The code below is written for Fortran 2003 and I am using the following compiler version.
pgfortran 15.5-0 64-bit target on Apple OS/X -tp haswell
The codebase is huge and so including only sections that I think are required below. I am getting the following error messages. Please help me understand the error messages.

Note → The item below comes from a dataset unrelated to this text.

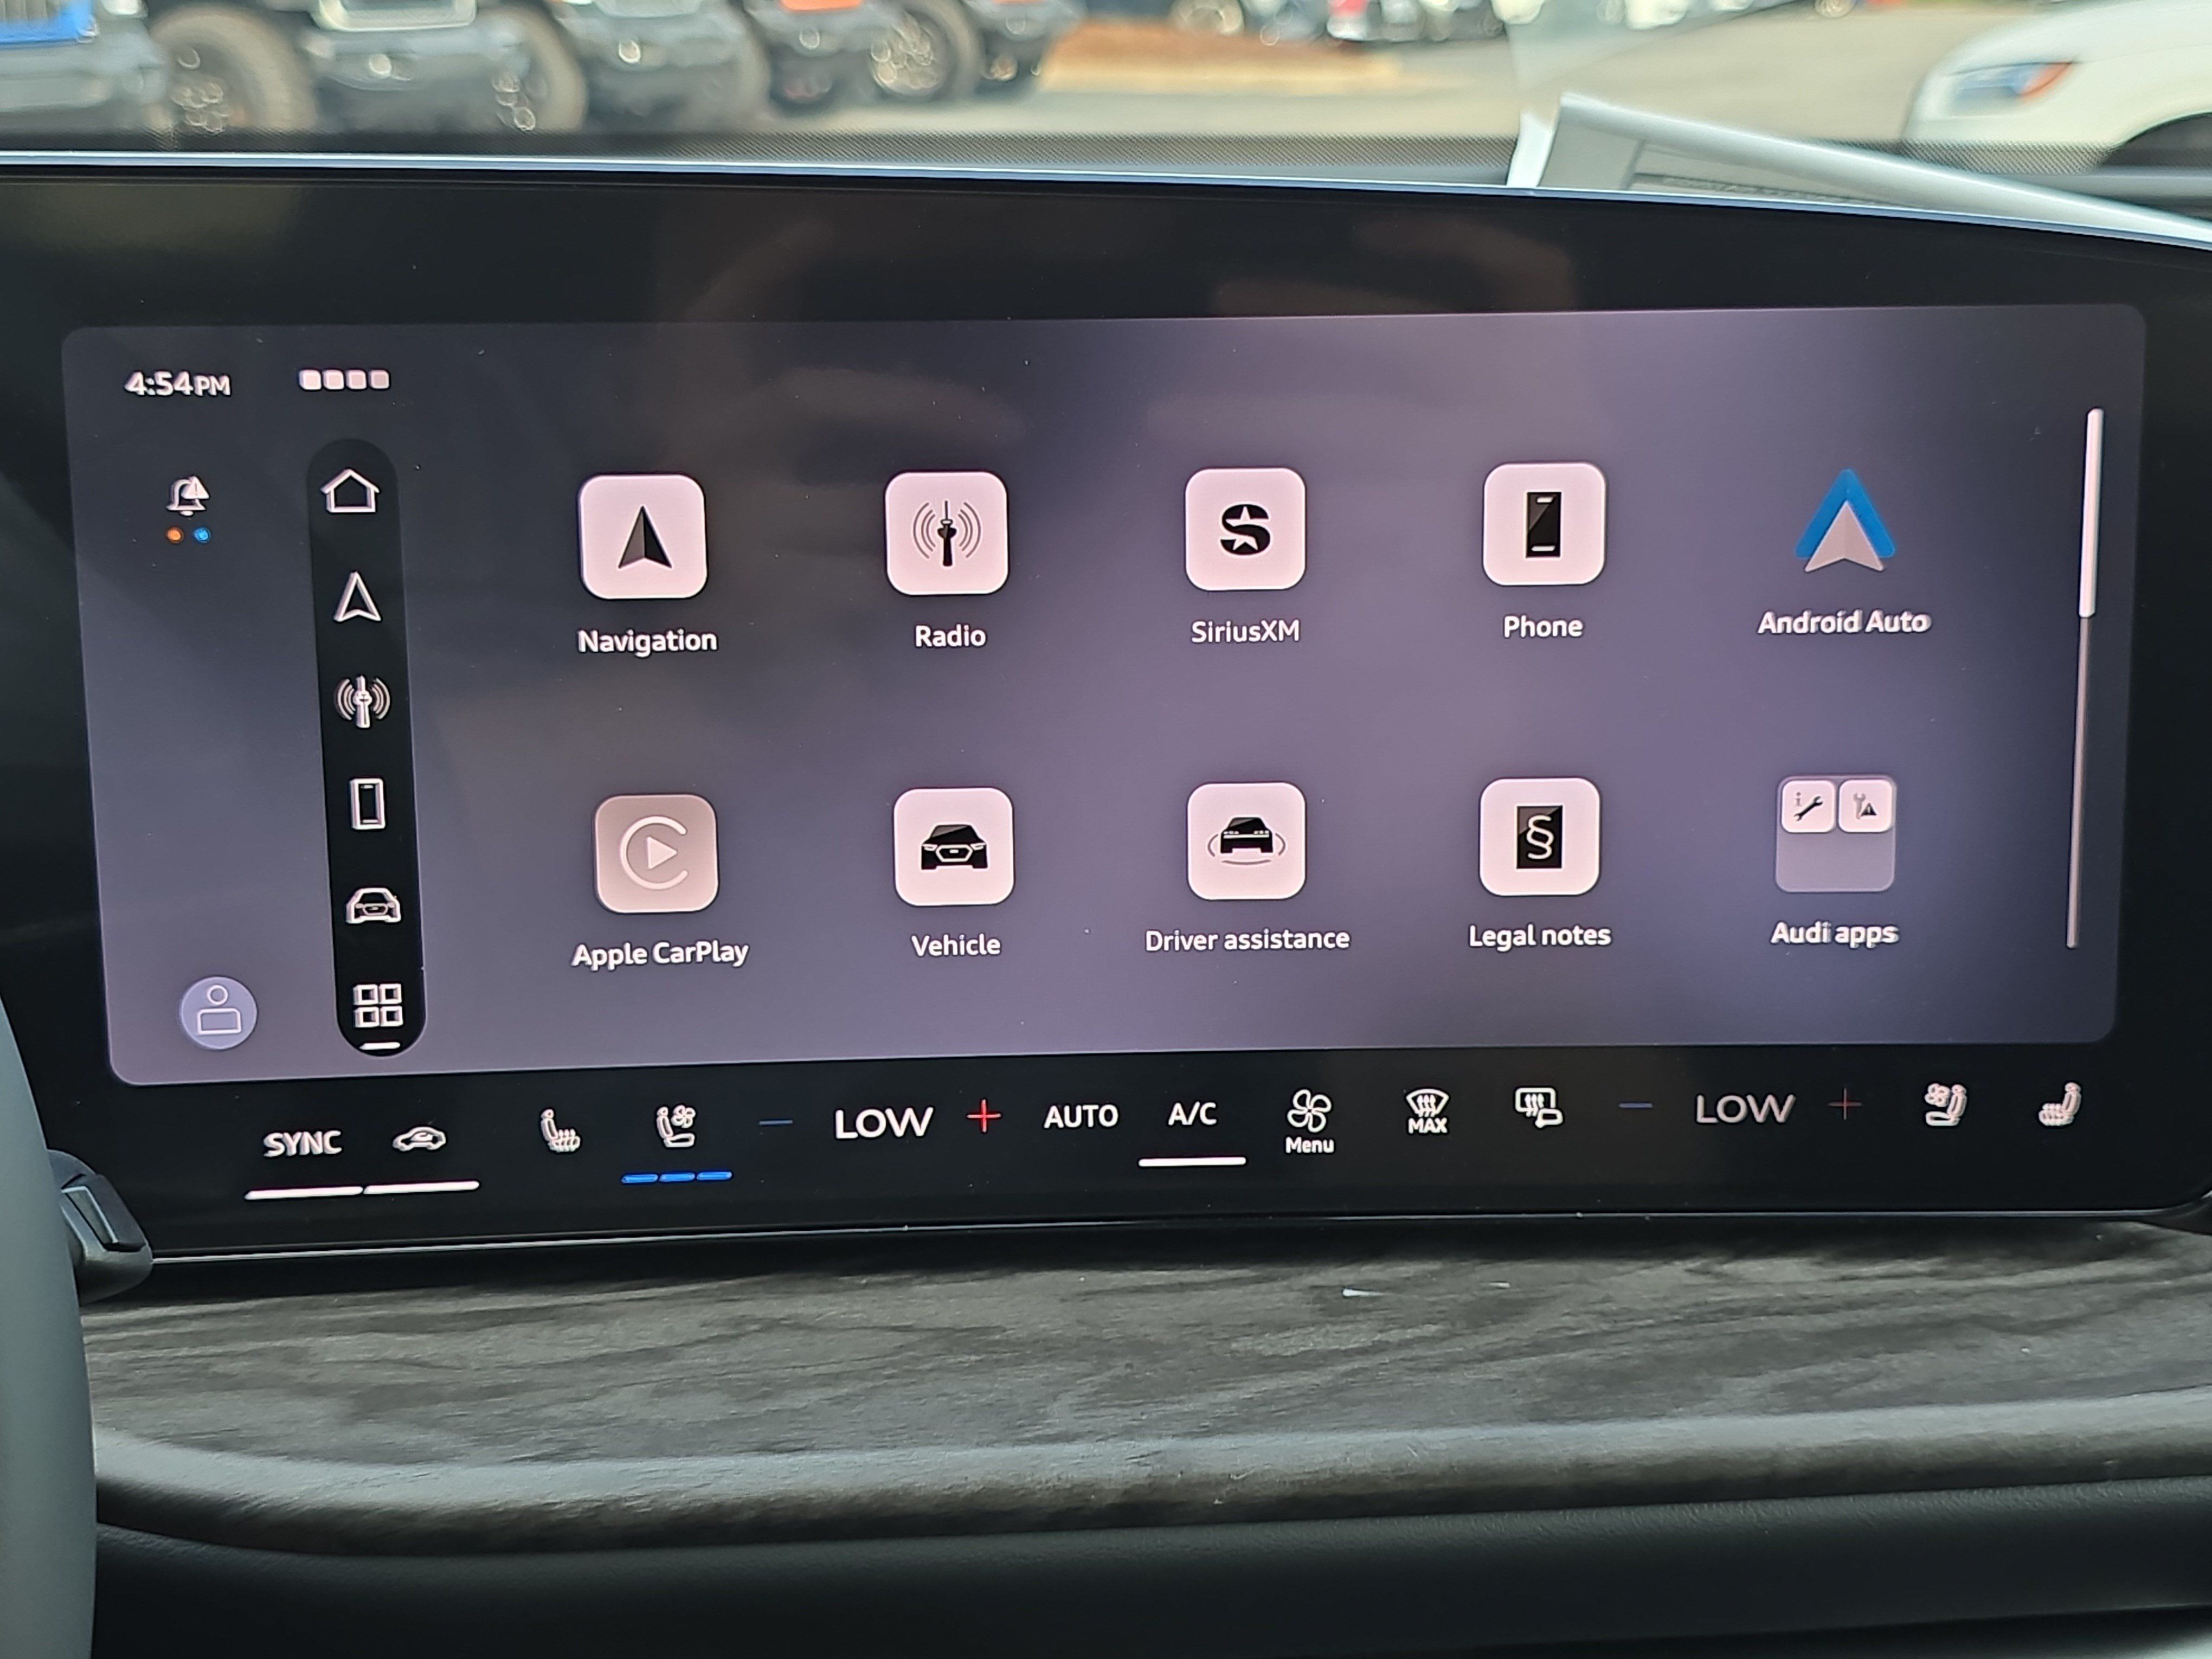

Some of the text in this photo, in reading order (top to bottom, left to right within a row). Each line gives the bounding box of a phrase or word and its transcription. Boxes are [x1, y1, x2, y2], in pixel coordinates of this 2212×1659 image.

809, Generating copyin(field1_proxy%data(1:undf),field2_proxy%data(1:undf))
Generating copyout(field_res_proxy%data(1:undf))
Accelerator kernel generated
810, !$acc loop gang, vector(128) ! blockidx%x threadidx%x
809, Generating Tesla code
nvvmCompileProgram error: 9.
Error: Warning: Linking two modules of different target triples!
psy/psykal_lite.F90(809): Error: Formal parameter space overflowed (4096 bytes max) in function invoke_axpy_809_gpu

PGF90-F-0155-Compiler failed to translate accelerator region (see -Minfo messages): Device compiler exited with error status code (psy/psykal_lite.F90: 1)
PGF90/x86-64 OSX 15.5-0: compilation aborted

!> invoke_axpy:  (a * x + y) ; a-scalar, x,y-vector
  subroutine invoke_axpy(scalar,field1,field2,field_res)
    use log_mod, only : log_event, LOG_LEVEL_ERROR
    implicit none
    type( field_type ), intent(in )    :: field1,field2
    type( field_type ), intent(inout ) :: field_res
    real(kind=r_def),   intent(in )    :: scalar
    type( field_proxy_type)            :: field1_proxy,field2_proxy      &
                                        , field_res_proxy
    integer                            :: i,undf

    field1_proxy = field1%get_proxy()
    field2_proxy = field2%get_proxy()
    field_res_proxy = field_res%get_proxy()

    !sanity check
    undf = field1_proxy%vspace%get_undf()
    if(undf /= field2_proxy%vspace%get_undf() ) then
      ! they are not on the same function space
      call log_event("Psy:axpy:field1 and field2 live on different w-spaces" &
                    , LOG_LEVEL_ERROR)
    if(undf /= field_res_proxy%vspace%get_undf() ) then
      ! they are not on the same function space
      call log_event("Psy:axpy:field1 and result_field live on different w-spaces" &
                    , LOG_LEVEL_ERROR)
!$acc parallel loop copyin(field1_proxy%data(1:undf),field2_proxy%data(1:undf)) copyout(field_res_proxy%data(1:undf))
    do i = 1,undf
      field_res_proxy%data(i) = (scalar * field1_proxy%data(i)) + field2_proxy%data(i)
    end do
!$acc end parallel loop
  end subroutine invoke_axpy

type, public :: field_type

    !> Each field has a pointer to the function space on which it lives
    type( function_space_type ), pointer         :: vspace => null( )
    !> Allocatable array of type real which holds the values of the field
    real(kind=r_def), allocatable         :: data( : )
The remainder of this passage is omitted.